I don’t remember where I was, or who the speakers were, or even what they were discussing. In fact, the only portion I can recall consisted of two short sentences- one by each of the speakers. In the midst of some otherwise unremarkable exchange about credit scores or who knows what, one of the two asked a question:
I’m curious, why exactly is that?
Since I hadn’t been paying much attention, I never learned exactly what ‘that’ was. Nevertheless, all that really concerned me was the other speaker’s response. After a few seconds of seemingly deep thought, the person let out an innocent laugh, and said:
Why ask why?
I suppose I could have just been having a bad day. Perhaps my car had broken down or I’d learned some sad news about a friend. I can’t say for sure. For whatever reason, though, that simple question rattled me like few others ever have.
You know that thing that happens when you witness some exchange that makes you upset while in public? How it sits with you for the next hour, and then, perhaps, the next day, or week, or month? You replay the scene to yourself and think of all the great things you would have said, if only you’d thought of them at the time.

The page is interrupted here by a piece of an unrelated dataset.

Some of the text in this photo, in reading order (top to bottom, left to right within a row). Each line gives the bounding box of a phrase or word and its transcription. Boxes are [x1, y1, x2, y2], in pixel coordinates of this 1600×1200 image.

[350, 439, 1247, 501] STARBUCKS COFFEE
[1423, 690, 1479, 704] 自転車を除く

Sometimes I do that, too. In this case, it’s probably good that I kept my reactions to myself, for they surely would have been excessive in comparison to what the person had said. But still…
* * *
I thought, most of all, about stories-
About the time when an astronomer looked up from his telescope, gazed over at his colleague, and said, “I’m curious, why is it, again, that we’re so certain the Earth is the center of the universe?”
About the time when some ship captain nudged his friend on the shoulder, pointed out towards the horizon, and said, “I’m curious, why is it we’re so sure the ocean just drops off into nothing? Why is it we’re so sure there isn’t more out there?”
About the time when some white daughter of a slave owner walked up to her father as they were observing the plantation, and said, “I’m curious, why exactly is it we’re confident these people are so different from us?”
I thought about other kinds of stories, too. About the kinds that never made it into the history books because they never even happened. Or, similarly, because some question actually was asked, but was then immediately quelled by someone simply responding, “Why ask why?”
* * *
Is curiosity some magical ingredient that makes stories great and the world right?
I don’t know for sure, but I highly doubt it. Still, it does seem to show up in many of the stories we tell, and in many of those we witness.
Curiosity is not all that’s required. But, why ask why?
There are a thousand good reasons. More than any of them, though, it’s because we have to.
Later this week…
The rest of this week, we’ll be exploring ‘curiosity’ from other angles. We’ll be asking questions like:
- What exactly is curiosity?
- Are all people curious? Are some more than others?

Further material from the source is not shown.